> Directions
Which lines of the entries contain the string "ORDU"? Copy each of them.

> Available records
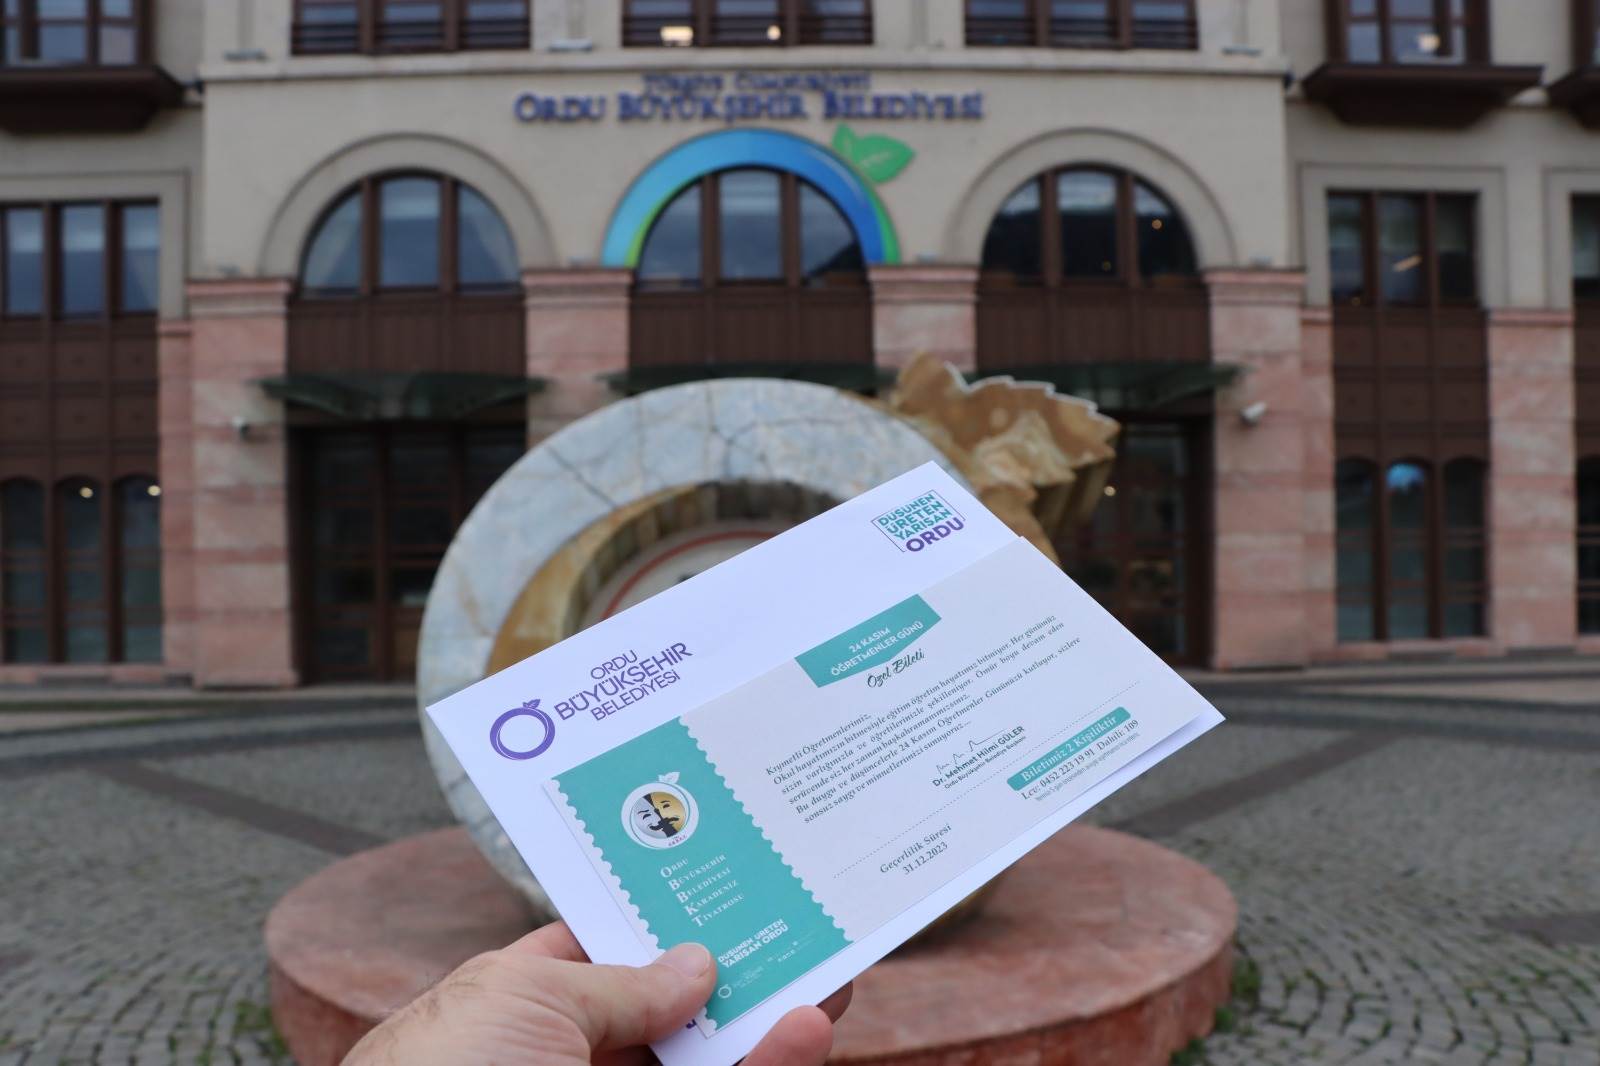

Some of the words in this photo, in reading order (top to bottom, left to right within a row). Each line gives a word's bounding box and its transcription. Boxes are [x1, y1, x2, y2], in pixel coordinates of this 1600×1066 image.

[514, 92, 605, 122] ORDU
[906, 518, 964, 552] ORDU
[831, 636, 898, 675] ÖĞRETMENLER
[897, 621, 923, 639] GÜNÜ
[849, 643, 862, 652] 24
[861, 628, 890, 646] KASIM
[554, 643, 693, 720] BÜYÜKŞEHİR
[591, 650, 637, 679] ORDU
[868, 667, 891, 687] Özel
[892, 648, 924, 673] Bileti
[590, 669, 680, 720] BELEDİYESİ
[774, 768, 795, 784] Okul
[887, 703, 910, 719] eğitim
[911, 685, 940, 704] öğretim
[1010, 634, 1024, 645] Her
[782, 780, 802, 794] sizin
[857, 742, 866, 750] ve
[976, 663, 997, 678] Ömür
[1000, 651, 1019, 663] boyu
[1022, 634, 1045, 651] devam
[1048, 623, 1064, 635] eden
[796, 804, 809, 814] Bu
[812, 787, 836, 805] duygu
[838, 780, 848, 788] ve
[899, 742, 910, 751] 24
[910, 727, 936, 744] Kasım
[938, 697, 983, 727] Öğretmenler
[841, 762, 854, 773] her
[856, 746, 882, 764] zaman
[932, 778, 946, 786] Dr.
[945, 757, 978, 778] Mehmet
[976, 743, 998, 758] Hilmi
[998, 726, 1024, 744] GÜLER
[1021, 749, 1070, 781] Biletimiz
[1066, 744, 1074, 752] 2
[1073, 717, 1116, 747] Kişiliktir
[1040, 772, 1060, 787] 0452
[1059, 762, 1074, 775] 223
[1074, 755, 1084, 764] 19
[1124, 720, 1138, 732] 109
[855, 782, 868, 791] ve
[880, 842, 924, 872] Geçerlilik
[924, 824, 951, 845] Süresi
[903, 842, 947, 874] 31.12.2023
[760, 924, 788, 943] ORDU

> Final answer
[514, 92, 605, 122] ORDU
[906, 518, 964, 552] ORDU
[591, 650, 637, 679] ORDU
[760, 924, 788, 943] ORDU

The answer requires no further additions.